When working with some code in some IDE, something I see developers do frequently, is to write some variable name, press “.” and then see what auto-complete suggests. I do it myself as well. This is a big deal in exploring what once can do with a variable of some type.
I also like the end result. Out of the following two examples I prefer the first one:
var1.concat(var2)
concat(var1, var2)
The problem in most languages is that you can only do the first one when `concat` is defined in the same place as the type for `var1`. There’s two approaches for enabling this feature:
Extensions don’t allow the reader of the code to know if it’s an extension or not without checking the definition and/or imports.
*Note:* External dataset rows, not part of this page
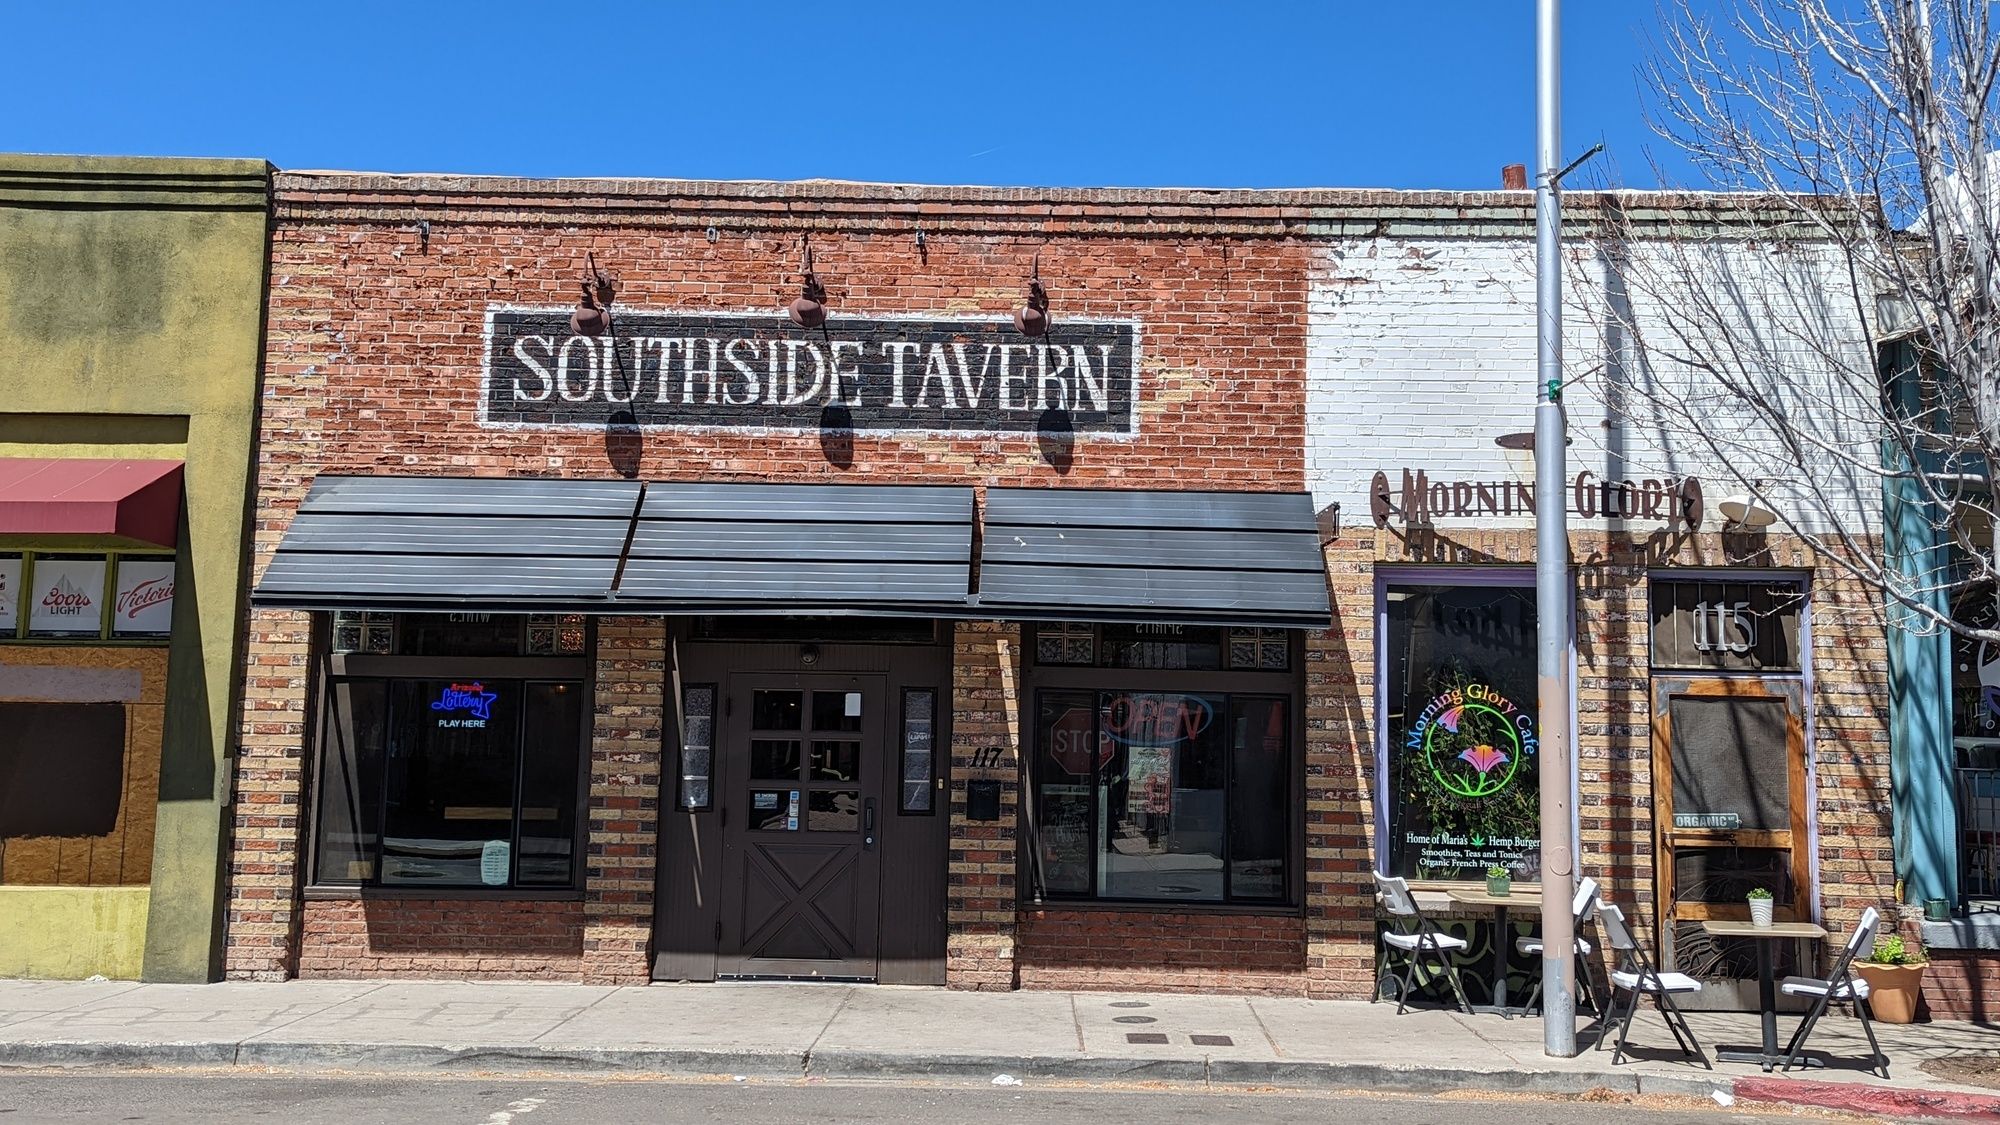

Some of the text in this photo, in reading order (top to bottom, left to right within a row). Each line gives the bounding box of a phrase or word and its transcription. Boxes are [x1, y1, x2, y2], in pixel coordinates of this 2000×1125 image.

[513, 335, 1114, 411] SOUTHSIDE TAVERN
[1398, 467, 1682, 524] MORNIN GLORY
[42, 587, 92, 606] Coors
[50, 606, 82, 615] LIGHT
[1696, 601, 1754, 652] 115
[432, 688, 484, 715] Lottery
[438, 719, 486, 728] PLAY HERE
[1106, 697, 1204, 741] OPEN
[1406, 683, 1540, 755] Morning Glory Cafe
[1055, 729, 1111, 754] STOP
[970, 746, 1005, 768] 117
[1675, 816, 1727, 827] ORGANIC
[1406, 832, 1430, 844] Home
[1432, 833, 1440, 845] of
[1442, 833, 1468, 846] Maria's
[1489, 835, 1513, 849] Hemp
[1419, 858, 1525, 869] Organic French Press Coffee
[1421, 847, 1523, 859] Smoothies, Teas and Tonics
I think I would prefer something that acts more like syntactic sugar.
The other approach seems fine. And while I don’t like to read `var1|>concat(var2)` (with a space it becomes better), I do like `var1->concat(var2)`.
So I can just adopt what rescript has, right? If a user of my language wants to see what functions take the type of `var1` as an argument, they can write `var1->` and let the IDE do its magic! And if they want to look at the fields, they use “.” instead of “->”.
Problem solved?
Unfortunately not yet.
In order to add new syntax, it needs to match what is already there. Let me show you some example code, so you get an idea of the existing syntax:
import tenecs.list.map
struct Todo(
title: String,
done: Boolean
)
struct TodoFilter(
predicateFunction: (Todo) -> Boolean
)
exampleFunctionUsingFilter := (): Void => {
todoList := [](
Todo("finish blog post", false),
Todo("publish blog post", false)
)
filterThatRejectsAll := TodoFilter((todo) => false)
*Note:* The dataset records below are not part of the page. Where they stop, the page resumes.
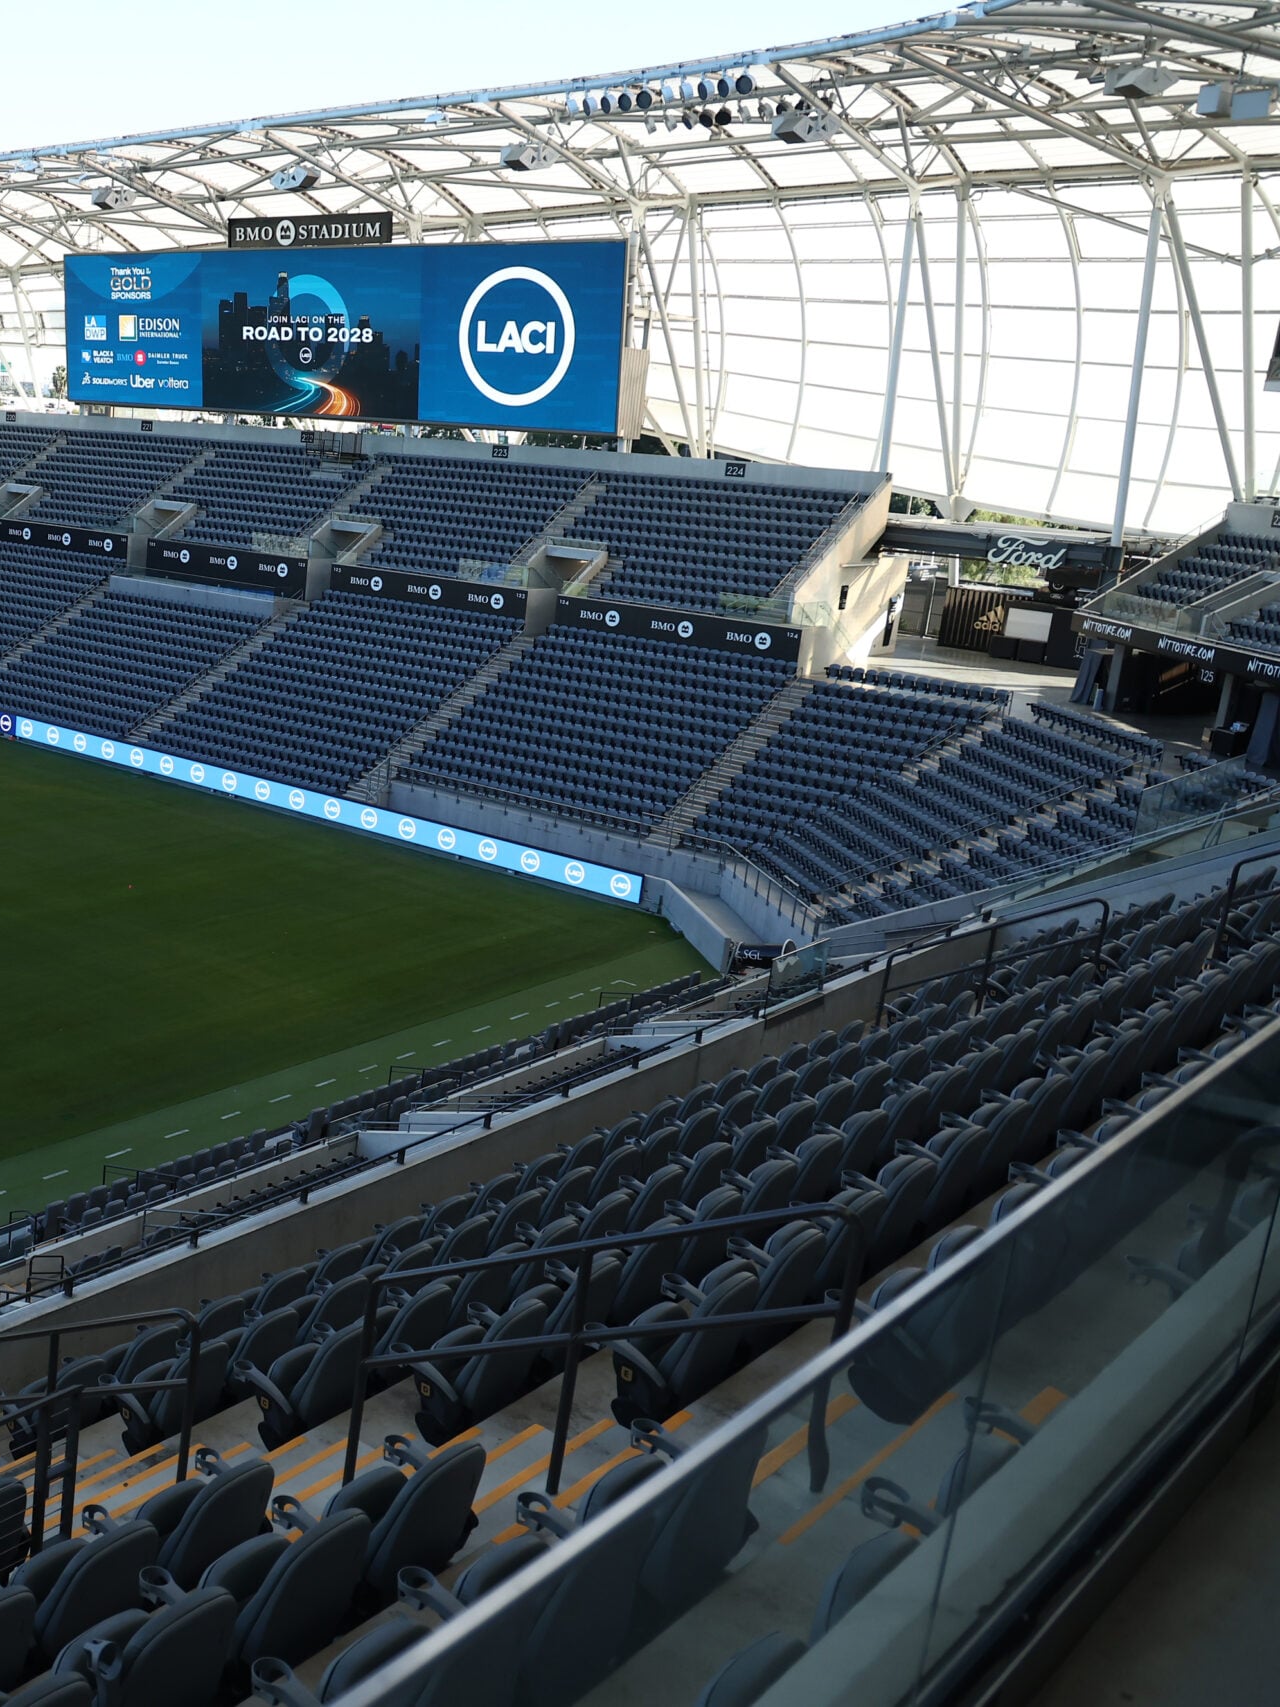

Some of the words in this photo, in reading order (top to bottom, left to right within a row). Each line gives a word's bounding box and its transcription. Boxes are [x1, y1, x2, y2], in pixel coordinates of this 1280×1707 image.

[235, 226, 272, 242] BMO
[298, 222, 381, 240] STADIUM
[110, 267, 131, 276] Thank
[110, 276, 152, 291] GOLD
[111, 292, 151, 300] SPONSORS
[85, 316, 97, 326] LA
[139, 318, 180, 331] EDISON
[268, 315, 288, 323] JOIN
[290, 316, 310, 324] LACI
[312, 316, 325, 324] ON
[328, 316, 345, 324] THE
[86, 329, 106, 337] DWP
[242, 326, 293, 340] ROAD
[297, 327, 323, 341] TO
[327, 328, 373, 343] 2028
[476, 319, 556, 355] LACI
[92, 378, 127, 386] SOLIDWORKS
[130, 374, 155, 388] Uber
[158, 377, 189, 389] voltera
[493, 448, 508, 457] 223
[726, 466, 744, 476] 224
[48, 534, 61, 542] BMO
[88, 540, 102, 548] BMO
[163, 550, 179, 559] BMO
[988, 535, 1067, 569] Ford
[209, 557, 225, 566] BMO
[258, 564, 276, 573] BMO
[350, 576, 369, 586] BMO
[407, 585, 427, 595] BMO
[468, 593, 489, 604] BMO
[580, 610, 603, 622] BMO
[651, 620, 675, 632] BMO
[974, 620, 1002, 632] adid
[1082, 618, 1132, 642] NITTOTIRE.COM
[726, 631, 752, 644] BMO
[1157, 637, 1216, 662] NITTOTIRE.COM
[1200, 669, 1214, 683] 125
[743, 950, 762, 960] SGL
emptyList := map(todoList, filterThatRejectsAll.predicateFunction)
}
You can see in that example that `->` is being used to declare a function type. I searched for another symbol that would also work, so I don’t have to mess with existing syntax, but haven’t found anything as satisfying as `->`. So, if I want to use that, then I need another symbol for the functions. I can use `=>`. But I was using that as part of the syntax for declaring a function. And that one I can drop without replacement, if I no longer allow defining single-expression functions without the brackets around them.
Let’s try those changes:
import tenecs.list.map
struct Todo(
title: String,
done: Boolean
)
struct TodoFilter(
predicateFunction: (Todo) => Boolean // changed -> to =>
)
exampleFunctionUsingFilter := (): Void { // dropped =>
todoList := [](
Todo("finish blog post", false),
Todo("publish blog post", false)
)
filterThatRejectsAll := TodoFilter((todo) { false }) // dropped =>
emptyList := map(todoList, filterThatRejectsAll.predicateFunction)
}
And, for completeness’ sake, let’s apply our new syntactic sugar:
import tenecs.list.map
struct Todo(
title: String,
done: Boolean
)
struct TodoFilter(
predicateFunction: (Todo) => Boolean
)
exampleFunctionUsingFilter := (): Void {
todoList := [](
Todo("finish blog post", false),
Todo("publish blog post", false)
)
filterThatRejectsAll := TodoFilter((todo) { false })
// doesn't look too bad, I think?
emptyList := todoList->filterThatRejectsAll.predicateFunction()
}
I’m nearly happy. I don’t mind too much that we lost the `=>` on exampleFunctionUsingFilter` but on `filterThatRejectsAll`… There I’m not a fan at all. It’s missing something. I might end up having to introduce a third, weirder arrow, like `+>` or `~>` to not have ambiguity there.
I suspect there’s a best case scenario here that I just haven’t yet puzzled together. I’ll think about it some more.